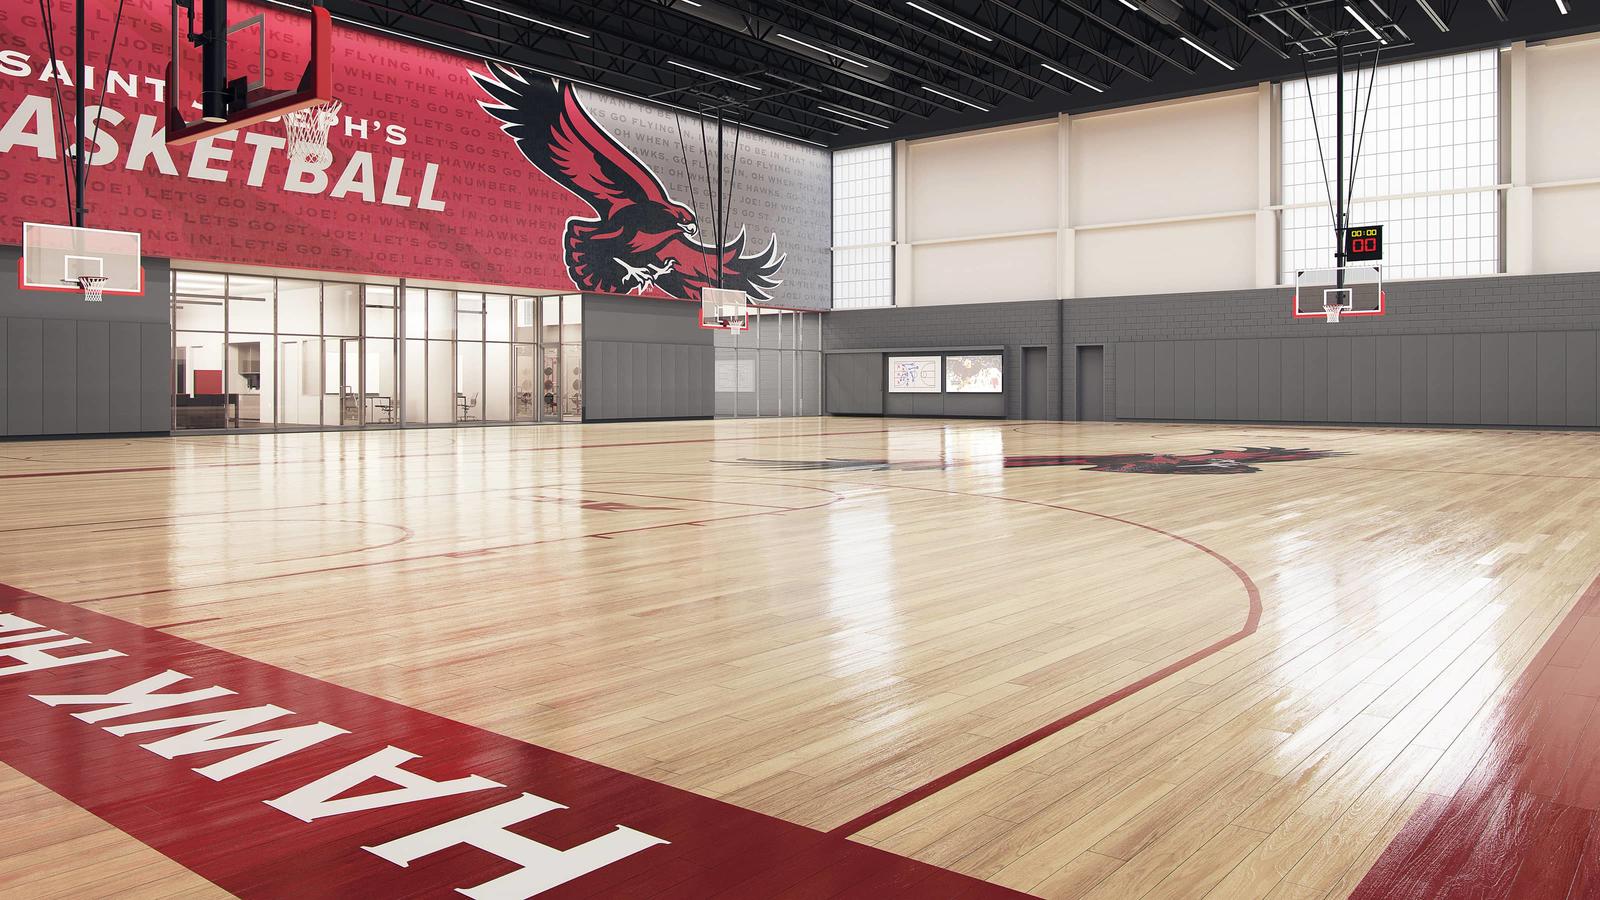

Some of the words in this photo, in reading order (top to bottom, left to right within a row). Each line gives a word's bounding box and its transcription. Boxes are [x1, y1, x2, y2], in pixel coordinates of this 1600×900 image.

[0, 50, 166, 103] SAINT
[117, 35, 172, 57] JOE!
[333, 81, 363, 97] OE!
[372, 90, 419, 109] LET'S
[425, 101, 448, 115] GO
[454, 107, 478, 121] ST.
[343, 47, 410, 72] FLYING
[446, 72, 468, 86] OH
[343, 65, 397, 86] WHEN
[403, 79, 437, 95] THE
[86, 50, 162, 75] FLYIN
[365, 106, 406, 123] JOE!
[412, 116, 454, 133] LETS
[460, 125, 481, 138] GO
[609, 111, 627, 123] GO
[631, 117, 674, 134] FLYING
[414, 133, 459, 150] LET'S
[464, 143, 486, 155] GO
[613, 127, 630, 138] OH
[634, 132, 669, 147] WHEN
[738, 156, 753, 166] GO
[756, 160, 790, 174] FLYING
[440, 155, 497, 173] HAWKS
[502, 166, 522, 178] GO
[668, 167, 683, 178] OH
[751, 171, 764, 181] OH
[403, 166, 446, 182] THT
[527, 186, 568, 201] WHEN
[669, 182, 699, 194] LETS
[738, 195, 761, 206] JOE!
[764, 200, 776, 208] OH
[90, 180, 131, 196] OE!
[144, 187, 207, 205] LET'S
[217, 196, 246, 209] GO
[255, 200, 286, 214] ST.
[294, 205, 337, 220] JOE!
[345, 211, 371, 224] OH
[379, 216, 429, 230] WHEN
[436, 223, 468, 235] THE
[538, 235, 556, 245] GO
[476, 194, 497, 206] TO
[503, 199, 521, 209] BE
[527, 202, 542, 212] IN
[741, 208, 755, 217] GO
[20, 194, 57, 209] GO
[117, 205, 173, 221] JOE!
[183, 212, 239, 228] LETS
[247, 219, 277, 232] GO
[284, 223, 316, 236] ST.
[321, 227, 364, 241] JOE!
[372, 233, 419, 247] LET'S
[426, 238, 448, 250] GO
[488, 213, 509, 224] OH
[515, 216, 556, 230] WHEN
[1351, 229, 1377, 238] 00:00
[189, 233, 220, 246] IN.
[230, 237, 288, 252] LET'S
[295, 243, 322, 255] GO
[365, 250, 406, 263] JOE!
[412, 254, 454, 267] LETS
[459, 259, 481, 269] GO
[750, 236, 763, 244] GO
[1352, 238, 1377, 253] 00
[28, 668, 672, 900] HAWK
-------------------------
Exercise description ▸ Pictures are not part of the copy. Restate everything else in the listing word for word.

Answer box ▸
Some of the words in this photo, in reading order (top to bottom, left to right within a row). Each line gives a word's bounding box and its transcription. Boxes are [x1, y1, x2, y2], in pixel coordinates of this 1600×900 image.

[0, 50, 166, 103] SAINT
[117, 35, 172, 57] JOE!
[333, 81, 363, 97] OE!
[372, 90, 419, 109] LET'S
[425, 101, 448, 115] GO
[454, 107, 478, 121] ST.
[343, 47, 410, 72] FLYING
[446, 72, 468, 86] OH
[343, 65, 397, 86] WHEN
[403, 79, 437, 95] THE
[86, 50, 162, 75] FLYIN
[365, 106, 406, 123] JOE!
[412, 116, 454, 133] LETS
[460, 125, 481, 138] GO
[609, 111, 627, 123] GO
[631, 117, 674, 134] FLYING
[414, 133, 459, 150] LET'S
[464, 143, 486, 155] GO
[613, 127, 630, 138] OH
[634, 132, 669, 147] WHEN
[738, 156, 753, 166] GO
[756, 160, 790, 174] FLYING
[440, 155, 497, 173] HAWKS
[502, 166, 522, 178] GO
[668, 167, 683, 178] OH
[751, 171, 764, 181] OH
[403, 166, 446, 182] THT
[527, 186, 568, 201] WHEN
[669, 182, 699, 194] LETS
[738, 195, 761, 206] JOE!
[764, 200, 776, 208] OH
[90, 180, 131, 196] OE!
[144, 187, 207, 205] LET'S
[217, 196, 246, 209] GO
[255, 200, 286, 214] ST.
[294, 205, 337, 220] JOE!
[345, 211, 371, 224] OH
[379, 216, 429, 230] WHEN
[436, 223, 468, 235] THE
[538, 235, 556, 245] GO
[476, 194, 497, 206] TO
[503, 199, 521, 209] BE
[527, 202, 542, 212] IN
[741, 208, 755, 217] GO
[20, 194, 57, 209] GO
[117, 205, 173, 221] JOE!
[183, 212, 239, 228] LETS
[247, 219, 277, 232] GO
[284, 223, 316, 236] ST.
[321, 227, 364, 241] JOE!
[372, 233, 419, 247] LET'S
[426, 238, 448, 250] GO
[488, 213, 509, 224] OH
[515, 216, 556, 230] WHEN
[1351, 229, 1377, 238] 00:00
[189, 233, 220, 246] IN.
[230, 237, 288, 252] LET'S
[295, 243, 322, 255] GO
[365, 250, 406, 263] JOE!
[412, 254, 454, 267] LETS
[459, 259, 481, 269] GO
[750, 236, 763, 244] GO
[1352, 238, 1377, 253] 00
[28, 668, 672, 900] HAWK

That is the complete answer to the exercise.